VEGETARIANS might be able to refuse to clean a fridge that stores meat and an environmentalist could be free to criticise a colleague who drives to work under guidance on how to deal with religion and belief in the workplace.

Employers should review workplace policies and practices to ensure that they do not unjustifiably discriminate against an employee who requests a change due to a particular belief, the Equality and Human Rights Commission (EHRC) has said.

The EHRC said this guidance applied to employees with a religion or belief which is "serious, genuinely and sincerely held" including druids, pagans, humanists and atheists.

Employers are not required to comply with all requests - such as time off for religious observance - but should "consider them seriously", the commission said.
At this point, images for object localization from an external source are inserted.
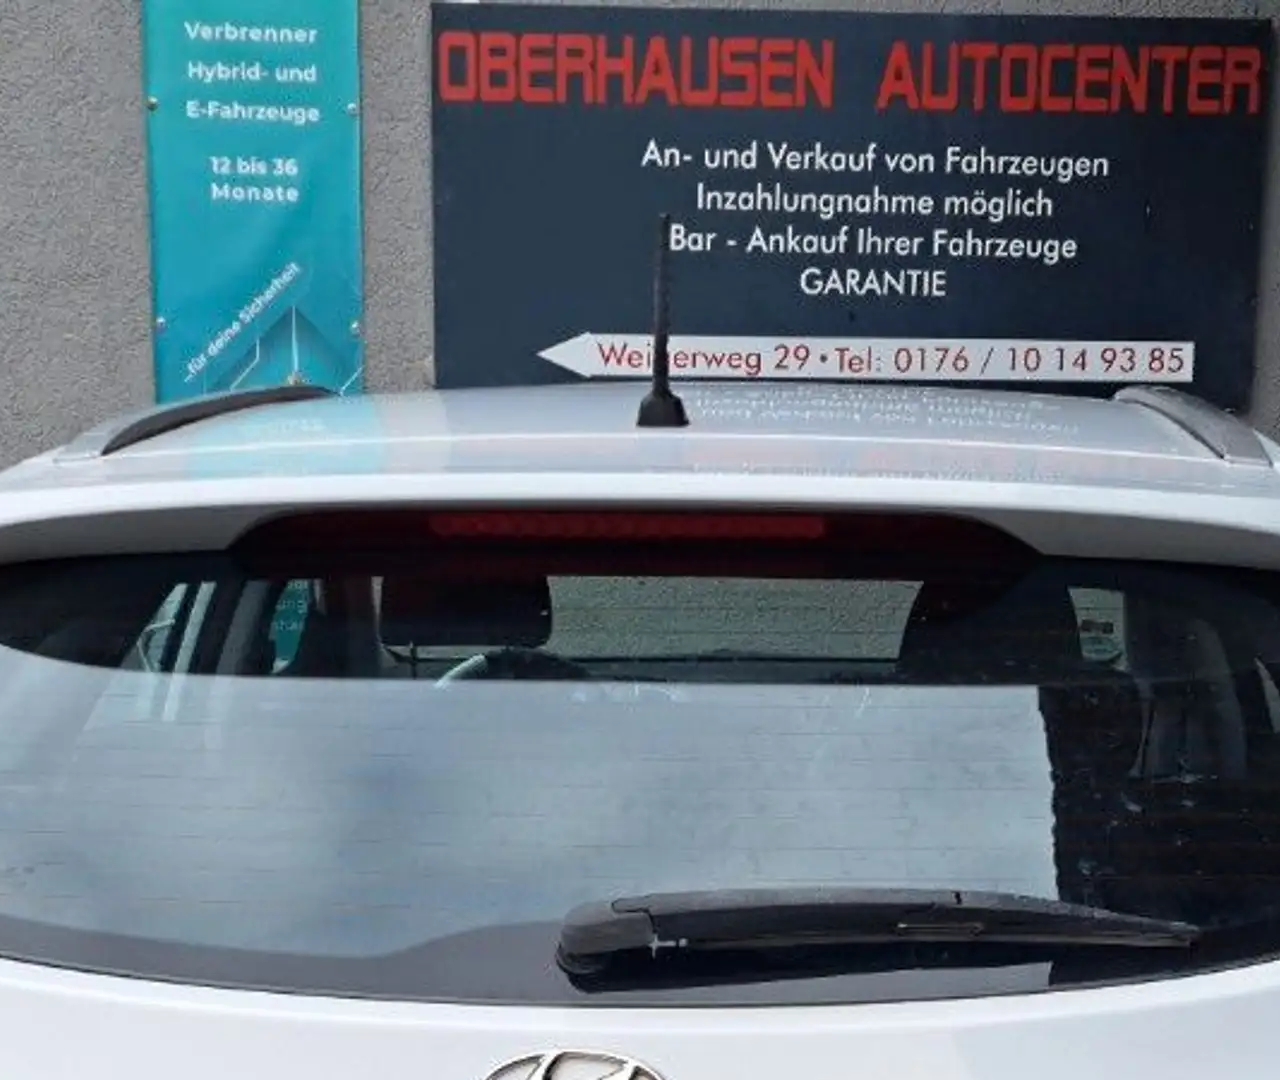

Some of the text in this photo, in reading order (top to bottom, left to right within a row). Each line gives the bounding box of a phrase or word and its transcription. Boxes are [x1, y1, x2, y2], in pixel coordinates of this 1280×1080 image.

[184, 20, 318, 44] Verbrenner
[188, 61, 318, 83] Hybrid- und
[438, 31, 1262, 114] OBERHAUSEN AUTOCENTER
[186, 100, 320, 125] E-Fahrzeuge
[210, 156, 299, 175] 12 bis 36
[641, 139, 1109, 182] An- und Verkauf von Fahrzeugen
[210, 183, 299, 202] Monate
[697, 183, 1053, 221] Inzahlungnahme möglich
[669, 224, 718, 251] Bar
[746, 225, 850, 253] Ankauf
[858, 228, 924, 256] Ihrer
[932, 229, 1078, 265] Fahrzeuge
[800, 267, 946, 297] GARANTIE
[597, 341, 762, 375] Weierweg
[774, 344, 810, 370] 29
[835, 346, 882, 373] Tel:
[893, 346, 969, 374] 0176
[1007, 347, 1041, 373] 10
[1055, 347, 1088, 373] 14
[1100, 347, 1136, 374] 93
[1148, 347, 1184, 374] 85
They may be justified in limiting the freedom of employees in promoting their beliefs at work when this involves someone in a powerful position acting "inappropriately" towards someone in a vulnerable or subordinate position, the commission said.

Examples included that of a vegetarian who might be exempted from cleaning a fridge at work that has stored meat, where the impact on other employees can be easily managed.
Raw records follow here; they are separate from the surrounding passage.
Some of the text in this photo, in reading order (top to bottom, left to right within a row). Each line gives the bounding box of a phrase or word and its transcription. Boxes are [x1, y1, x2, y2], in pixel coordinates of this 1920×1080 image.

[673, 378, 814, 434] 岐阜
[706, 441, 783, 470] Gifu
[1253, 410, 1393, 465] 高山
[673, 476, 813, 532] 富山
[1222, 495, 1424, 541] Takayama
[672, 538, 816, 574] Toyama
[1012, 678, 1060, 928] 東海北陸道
An employer could be justified in rejecting a complaint from an employee who felt offended by an environmentalist colleague who had criticised people who drive to work on the grounds that this was a "reasonable expression" of a philosophical belief.
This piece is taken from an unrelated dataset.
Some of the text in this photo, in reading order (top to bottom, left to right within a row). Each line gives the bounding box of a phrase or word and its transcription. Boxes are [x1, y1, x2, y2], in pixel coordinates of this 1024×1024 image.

A Christian nurse might be able to offer to say prayers for a patient, the guidance said, where he had discussed and agreed this in advance with his employer that he could do so when the hospital chaplain was unavailable, to patients who had identified spiritual needs and who accepted the offer without any pressure or abuse of power.

But the commission advised that the law is "clear" that when someone is providing a public service they cannot, because of their religion or belief, discriminate unlawfully against customers or service users.

The guidance was issued to help employers comply with the implications of a European Court of Human Rights judgment issued in January on four cases brought by Christians over religious rights in the workplace.

The court ruled that Coptic Christian Nadia Eweida, a British Airways worker who was sent home from work for displaying a small silver crucifix during her job as an airport check-in attendant at Terminal 5 for the airline, had been discriminated against under freedom of religion laws.

But it rejected similar claims brought by three other Christians, including a challenge brought by nurse Shirley Chaplin, 57, who was switched to a desk job after she refused to take off a crucifix which hung round her neck.

Another two cases - those of marriage counsellor Gary McFarlane, 51, and registrar Lillian Ladele, 52, who objected to elements of their jobs which they felt conflicted with their beliefs - were also dismissed.

An EHRC spokeswoman said: "The commission does not make the law on what is or isn't a legitimate religion or belief. This is set by Parliament.

“It is important to remember that employers are not required to accept these types of request.

"The commission's role is to provide free, expert advice to employers helping them understand and deal with what can be complex issues, and helping them avoid potentially costly legal action."